Wednesday, May 30, 2012

Weekly country blog


This article addresses the economic standpoint of the UK and discusses the IMF’s suggestions for the nation. Up until recently, the IMF believed the UK’s main priority to be cutting the deficit as it has jumped from £9.1bn in April 2011 to £11.5bn. However, the IMF is now most focused on the aspect of economic growth; the IMF claims that “growth is too slow and unemployment, including youth unemployment, too high.” They are further urging the Bank of England to open the door to more quantitative easing and cut interest rates even lower than the historic low rate of .5%. 
 As discussed in class, in order to decrease interest rates the UK must increase the money supply. All of this in turn will increase investment. Therefore, the UK is currently considering printing more money. As inflation is currently at its lowest level in two years, advocate of money printing are suggesting now is an excellent time. Those who do not support money printing suggest that this is only a short-term boost in the stock market if more money was to be printed and that it will do nothing for long-term growth. Also, as discussed in class, an increase in currency will cause the pound to depreciate in value:
as domestic products are cheaper exports would increase and imports would decrease because they’d be more expensive. 

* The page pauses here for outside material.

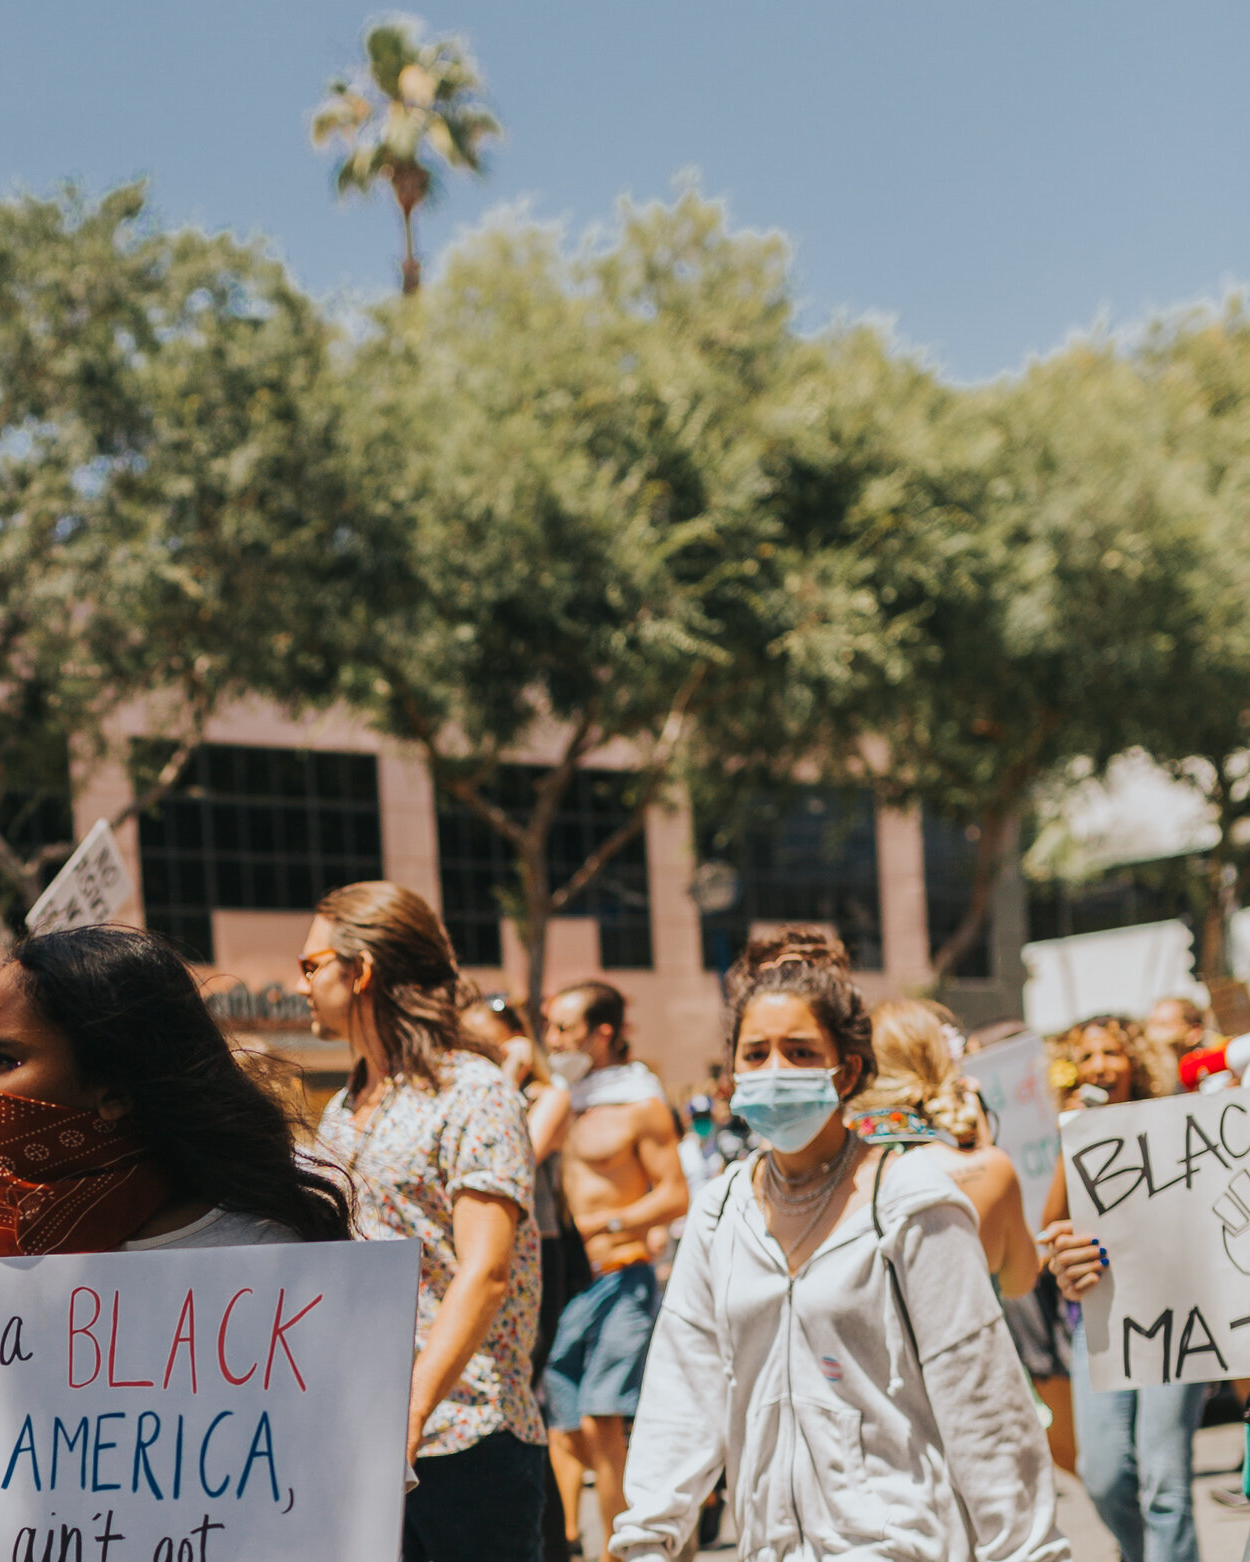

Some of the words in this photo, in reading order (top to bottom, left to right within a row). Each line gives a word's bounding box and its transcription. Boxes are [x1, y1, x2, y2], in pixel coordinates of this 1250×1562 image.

[0, 1315, 34, 1366] a
[68, 1286, 323, 1394] BLACK
[1, 1410, 295, 1514] AMERICA,

Based on the decrease in taxes, the possibility to cut interest rates and the increase in transfer payments, it seems that the UK is currently employing expansionary policy. The main problem with this is of course the budget deficit which the UK is clearly experiencing. Because the nation is spending more it is forced to borrow which results in debt. Also, the UK cannot keep up this type of spending as the article states that “public finances leave precious little scope for any significant boot to public spending.”